Broad-spectrum monoclonal antibodies and highly conserved epitopes against HA of influenza A virus have been reported in many papers. As early as 2009, Throsby et al. reported for the first time that a broad-spectrum neutralizing humanized monoclonal antibody CR6261 recognizing HA2 could neutralize all the influenza viruses belonging to Group 1 (including H1, H2, H5, H6, H8 and H9 subtypes) (Throsby M. et al., PLoS One. 2009, 3: e3942). In 2011, Corti D. et al. also obtained a humanized broad-spectrum neutralizing monoclonal antibody against HA2 by using similar technology, which could neutralize 16 H subtypes of influenza viruses (Corti D. et al., Science. 2011, 333: 850-856). Yoshida et al. reported in 2008 that a broad-spectrum neutralizing monoclonal antibody S139/1 against HA1 could neutralize some influenza virus strains of H1, H2, H3 and H13 subtypes (Yoshida R. et al., PLoS Pathog. 2009, 5: e1000350).
As compared to influenza A virus, broad-spectrum monoclonal antibodies and highly conserved epitopes associated with influenza B virus were rarely reported in the literatures. Until 2012, Dreyfus C et al., found three monoclonal antibodies against HA that could neutralize two lineages of influenza B viruses, i.e., CR8033, CR8071 and CR9114 (Dreyfus C. et al., Science, 2012, 337 (6100): 1343-8). In 2013, Yasugi M et al. found another broad-spectrum neutralizing monoclonal antibody 5A7 against different lineages of Influenza B viruses (Yasugi M. et al., PLoS Pathog, 2013, 9 (2)).
Most of the epitopes recognized by the monoclonal antibodies obtained in the above researches were located in a conserved region near the fusion peptide on HA2 (the primary function of which was to mediate the membrane fusion of influenza virus), instead of HA1 domain having immunodominance in recognition. It increases the uncertainty in the application of these antibodies and the conserved epitopes recognized thereby in the prevention and treatment.
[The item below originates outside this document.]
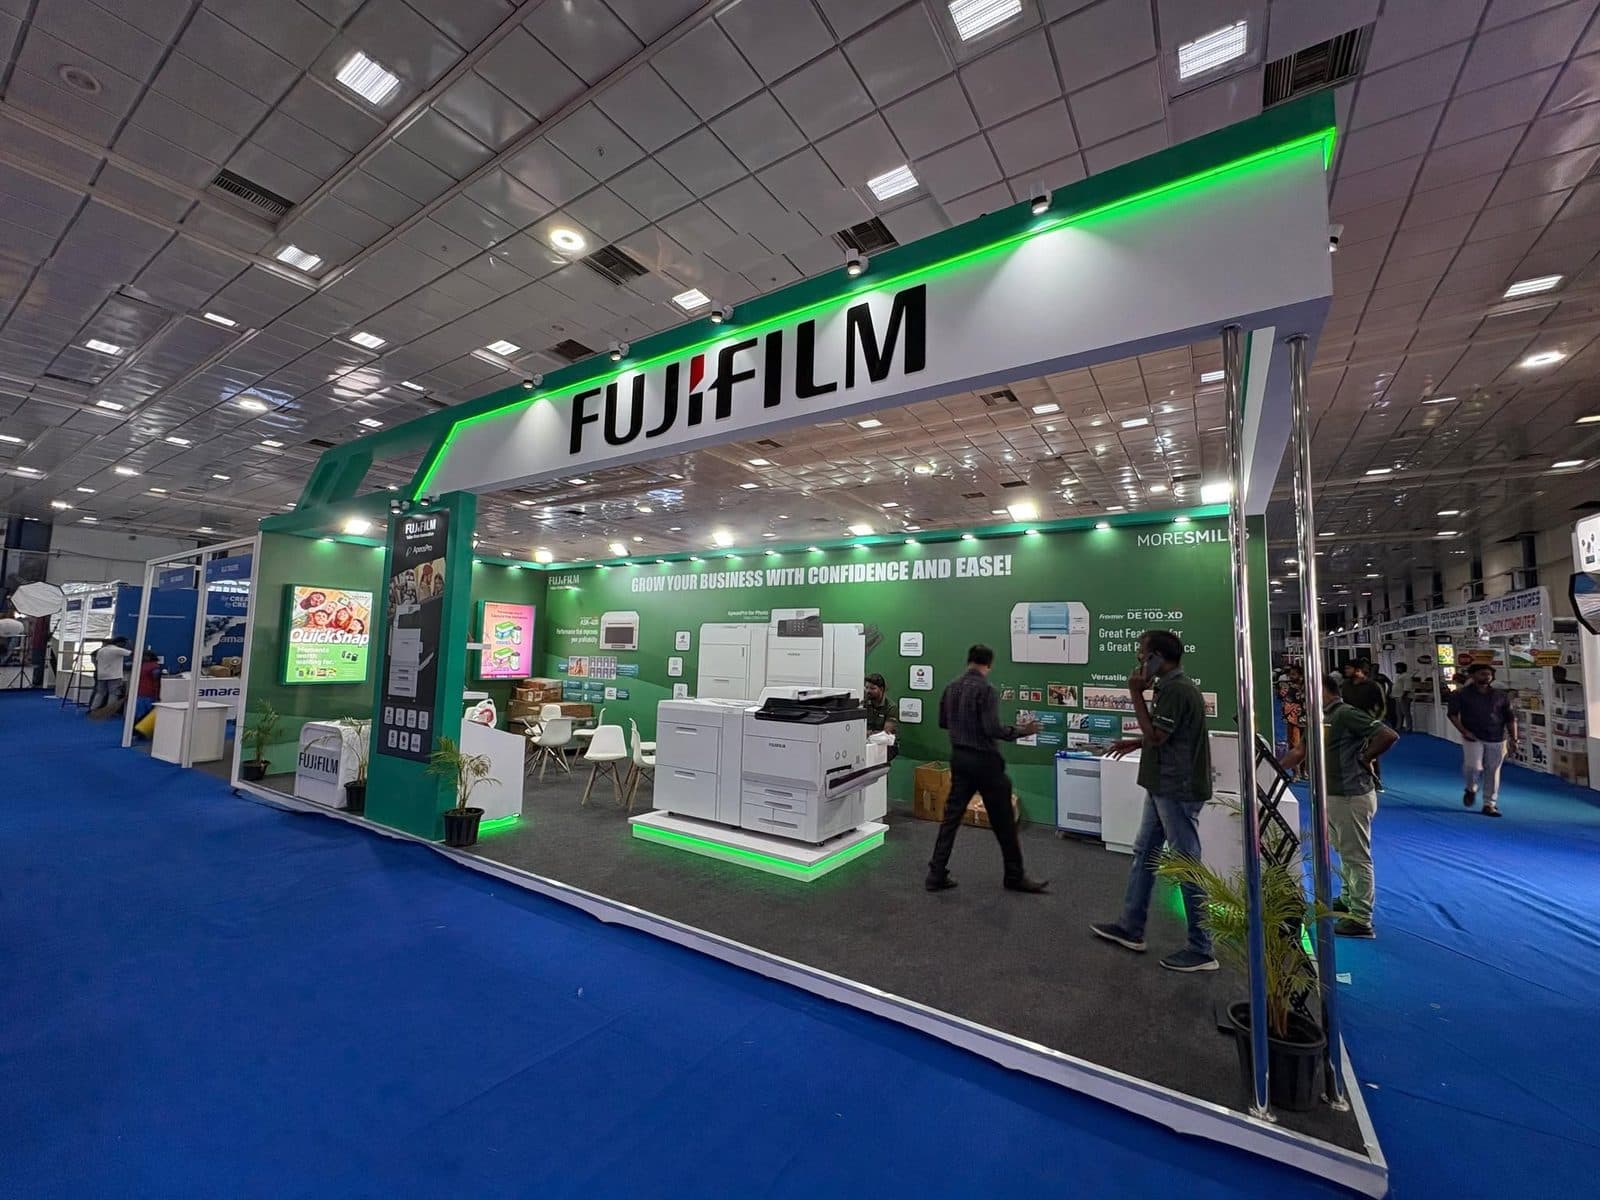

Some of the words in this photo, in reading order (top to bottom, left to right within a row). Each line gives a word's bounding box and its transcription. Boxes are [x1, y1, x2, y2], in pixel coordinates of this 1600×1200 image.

Some studies show that the neutralizing monoclonal antibodies recognizing HA2 have the activity of neutralizing natural viruses reduced by 100-1000 folds relative to the activity of neutralizing the pseudotype viruses, the reason may be that it is not easy to have the HA2 epitope of natural virus exposed, and therefore the epitope is not easily accessible (Sui J. et al., Nat Struct Mol Biol. 2009, 16: 265-273; Corti D. et al., J Clin Invest. 2010, 120: 1663-1673).
As compared to HA2, HA1 of influenza virus forms a globule at the top of the trimer, contains a lot of neutralizing epitopes, and is easily accessible. Therefore, looking for broad-spectrum neutralizing epitopes on HA1 is beneficial for development of highly effective broad-spectrum influenza vaccines and therapeutic antibodies. Cyrille Dreyfus et al. reported in 2012 the only one broad-spectrum monoclonal antibody CR8033 so far that recognizes HA1 domain of influenza B virus, however, the monoclonal antibody had hemagglutination-inhibiting activity only against the Yamagata lineage of influenza B virus (Dreyfus C. et al., Science, 2012, 337 (6100): 1343-8.). Therefore, it is of importance and instructive significance for development of broad-spectrum therapeutic antibodies and universal vaccines against influenza B virus, to develop broad-spectrum neutralizing monoclonal antibodies that recognize more highly conserved neutralizing epitopes on HA1 of influenza B virus, and to accurately localize the epitopes. There is need in the art to develop more broad-spectrum monoclonal antibodies that recognize more highly conserved epitopes of HA1 of influenza B virus.